Customize SD-WAN Collector

Using ssh, log into SD-WAN collector control plane node as sevone.

$ ssh sevone@<SD-WAN Viptela collector 'control plane' node IP address or hostname>

SD-WAN collector runs as a helm chart deployed within the Kubernetes cluster. The helm chart is configured with a base set of configuration options that can be overridden as needed. A new file, /opt/SevOne/chartconfs/solutions-sdwan-viptela_custom_guii.yaml, must be created to contain only the settings you want to override.

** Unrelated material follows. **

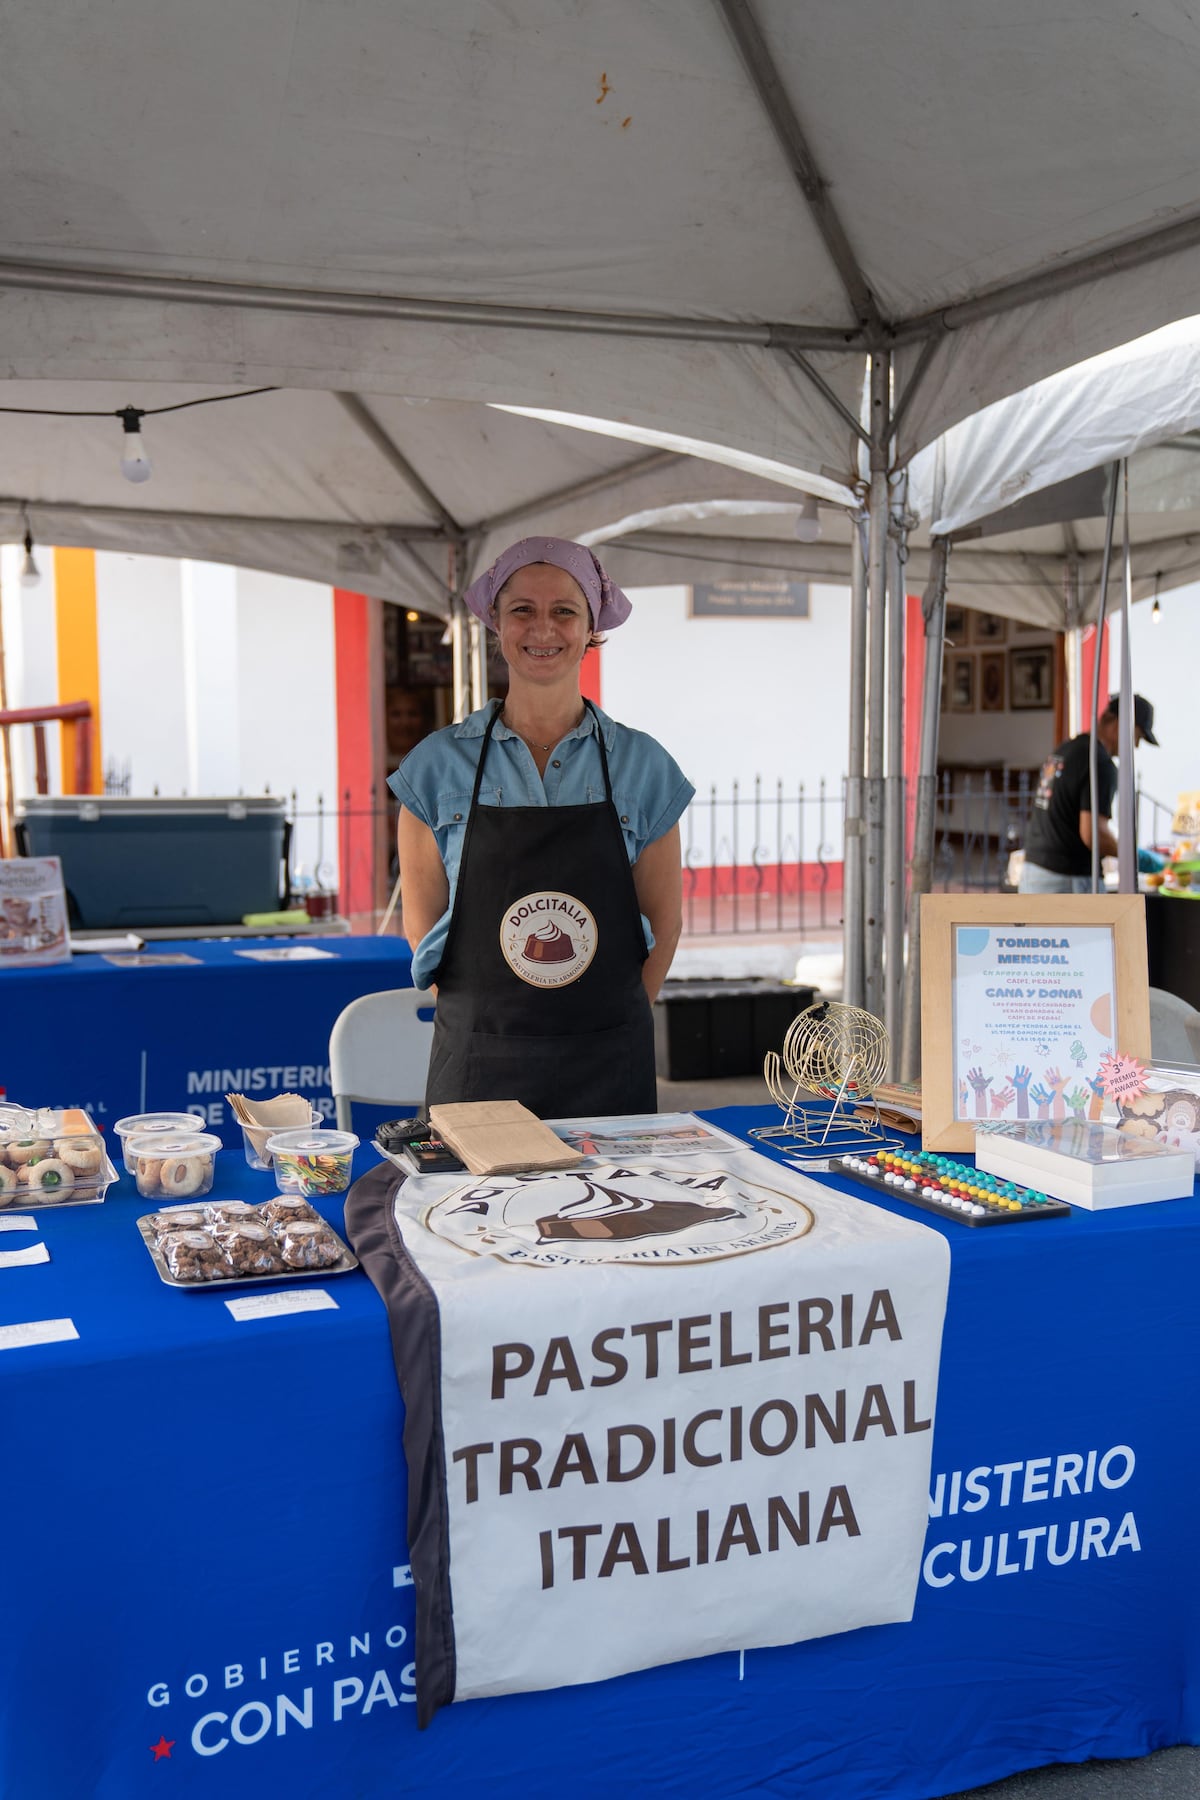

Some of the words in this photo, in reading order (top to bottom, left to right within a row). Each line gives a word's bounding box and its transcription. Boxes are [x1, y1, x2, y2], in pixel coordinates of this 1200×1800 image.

Create /opt/SevOne/chartconfs/solutions-sdwan-viptela_custom_guii.yaml file

$ touch /opt/SevOne/chartconfs/solutions-sdwan-viptela_custom_guii.yaml

Handle IP Conflicts

The following are the default IP ranges used by Solutions.

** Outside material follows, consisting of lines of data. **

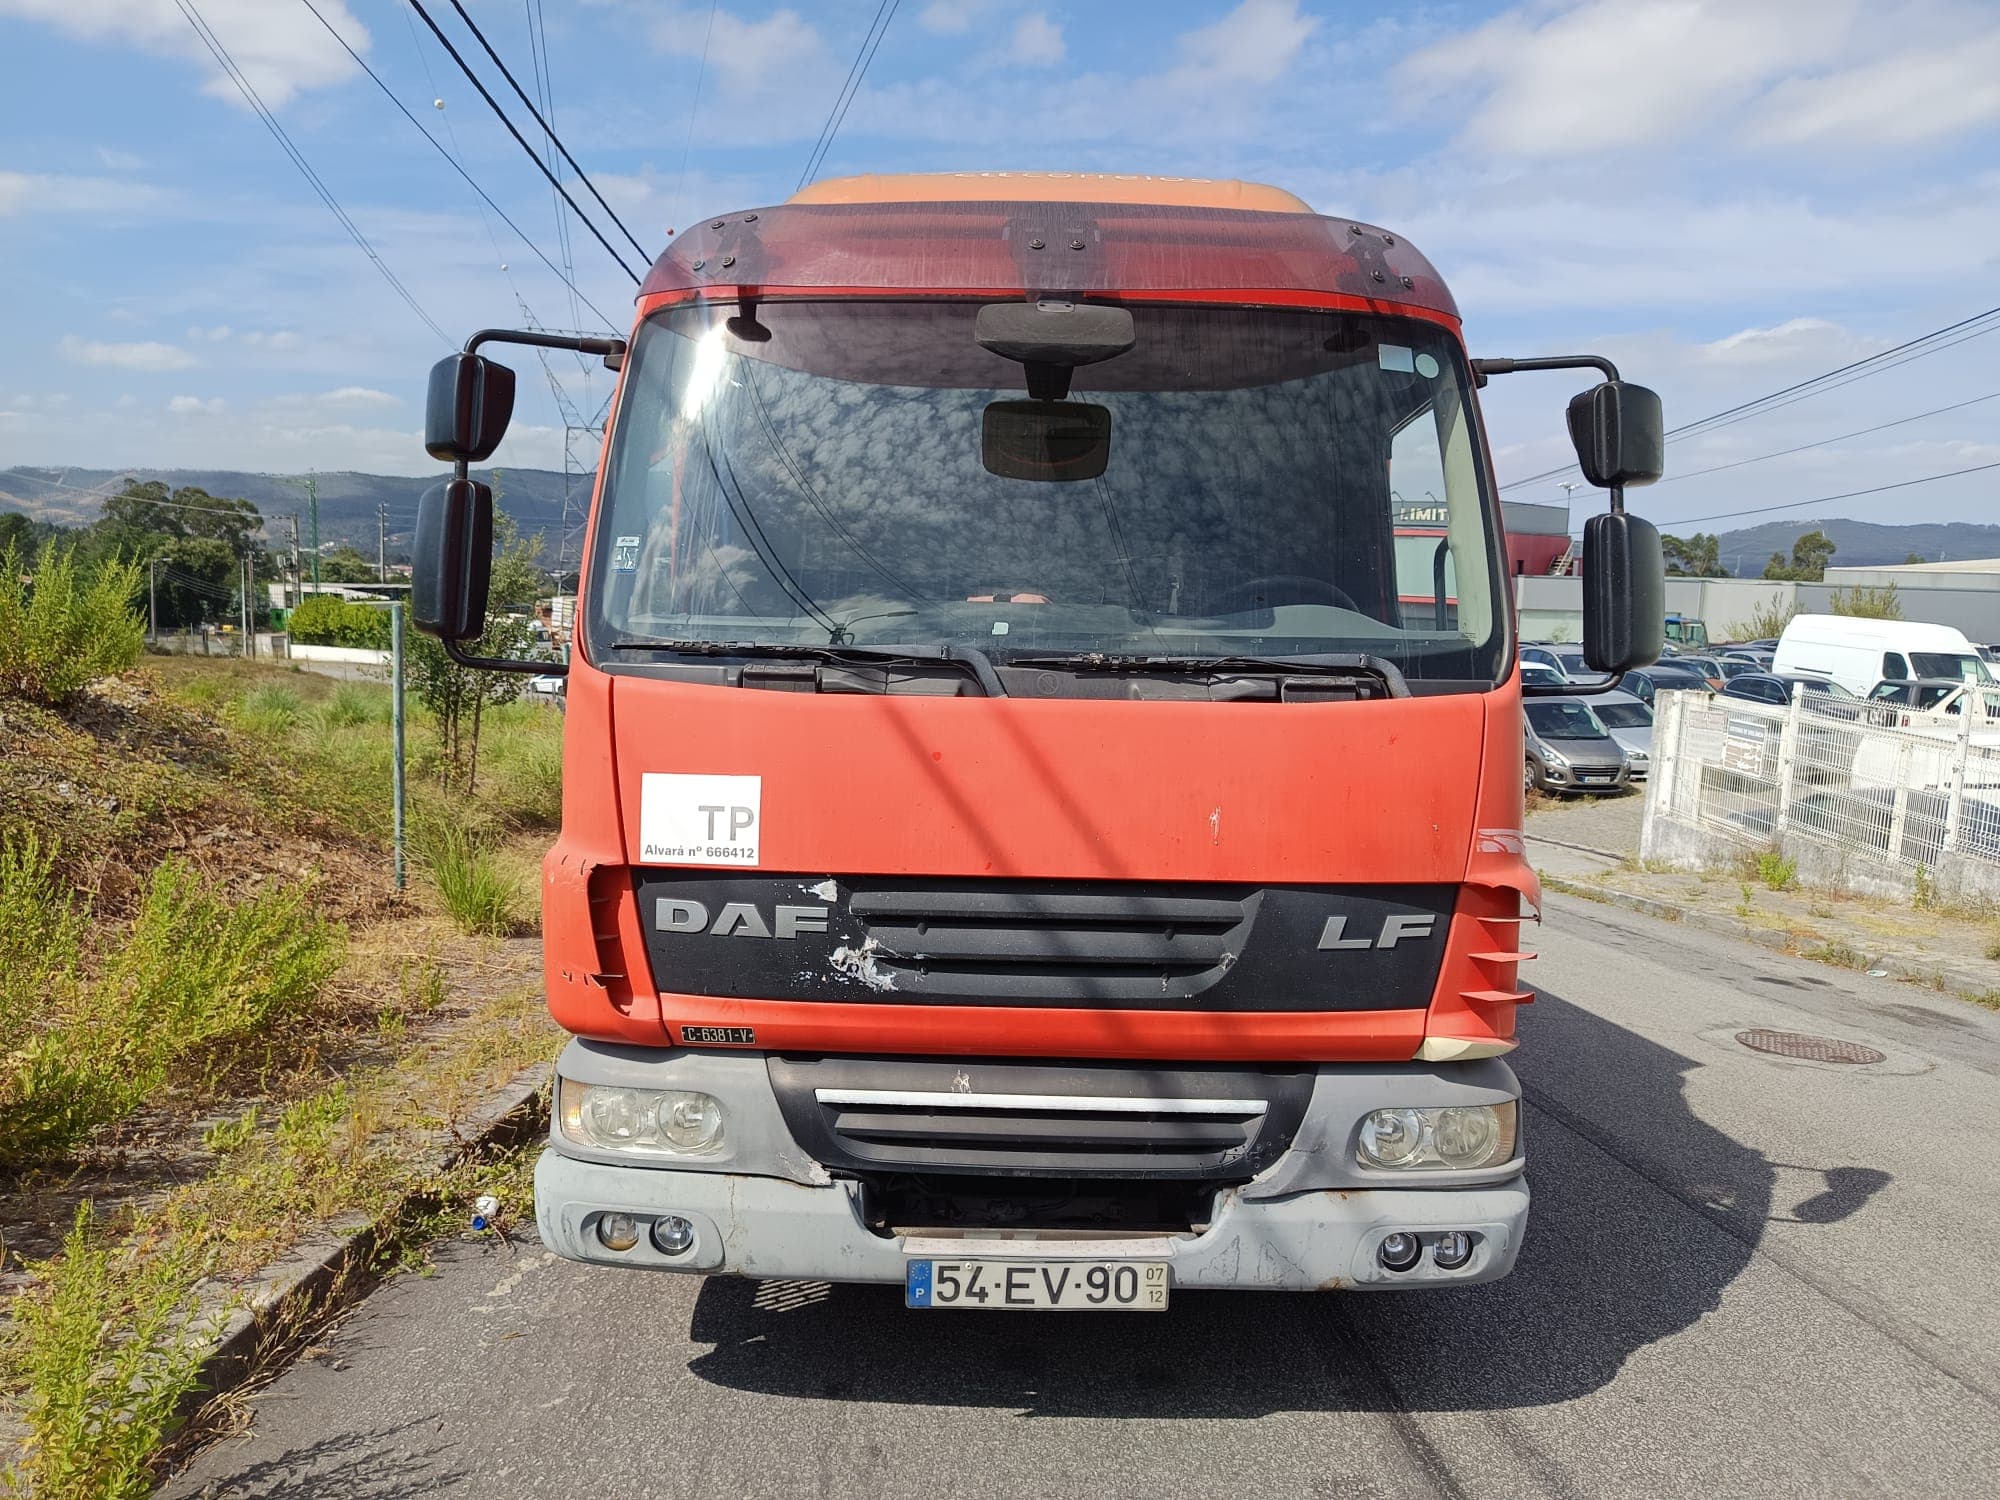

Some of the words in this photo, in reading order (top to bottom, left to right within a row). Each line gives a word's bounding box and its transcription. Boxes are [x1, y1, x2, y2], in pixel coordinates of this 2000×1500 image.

[698, 805, 755, 841] TP
[644, 844, 684, 856] Alvará
[706, 847, 754, 858] 666412
[656, 898, 828, 938] DAF
[1317, 914, 1435, 949] LF
[1146, 1268, 1164, 1281] 07
[915, 1287, 925, 1299] P
[1148, 1290, 1163, 1303] 12

Flag Description IP Address IP Range
--cluster-cidr Pod IP addresses 192.168.80.0/20 192.168.80.0.0 - 192.168.95.255
--service-cidr Service IP addresses 192.168.96.0/20 192.168.96.0 - 192.168.111.255
--cluster-dns Cluster DNS (must be in Service's range) 192.168.96.10 n/a

Teardown Kubernetes

  1. In order to change the default IP ranges, you must teardown your Kubernetes cluster.
    $ sevone-cli cluster down
  2. Ensure that the old IP address ranges are not left behind in any of your node’s routing tables.
    $ ansible all --become -a "ip route del 192.168.96.0/24"

Adjust IP Ranges

Create a file ip_ranges.yaml in /etc/ansible/group_vars/all directory with your new IP ranges.

Example

$ echo 'k3s_cluster_cidr: "192.168.0.0/24"' >> \
/etc/ansible/group_vars/all/ip_ranges.yaml
  
$ echo 'k3s_service_cidr: "192.168.1.0/24"' >> \
/etc/ansible/group_vars/all/ip_ranges.yaml
  
$ echo 'k3s_cluster_dns: "192.168.1.10"' >> \
/etc/ansible/group_vars/all/ip_ranges.yaml

You may then redeploy or proceed with your deployment as normal.

$ sevone-cli playbook up

Deploy Collector and Augmentor on Specific Nodes

To bind the augmentor / collector to specific nodes (as flows are directly routed to worker nodes), add the following variables in your configuration file.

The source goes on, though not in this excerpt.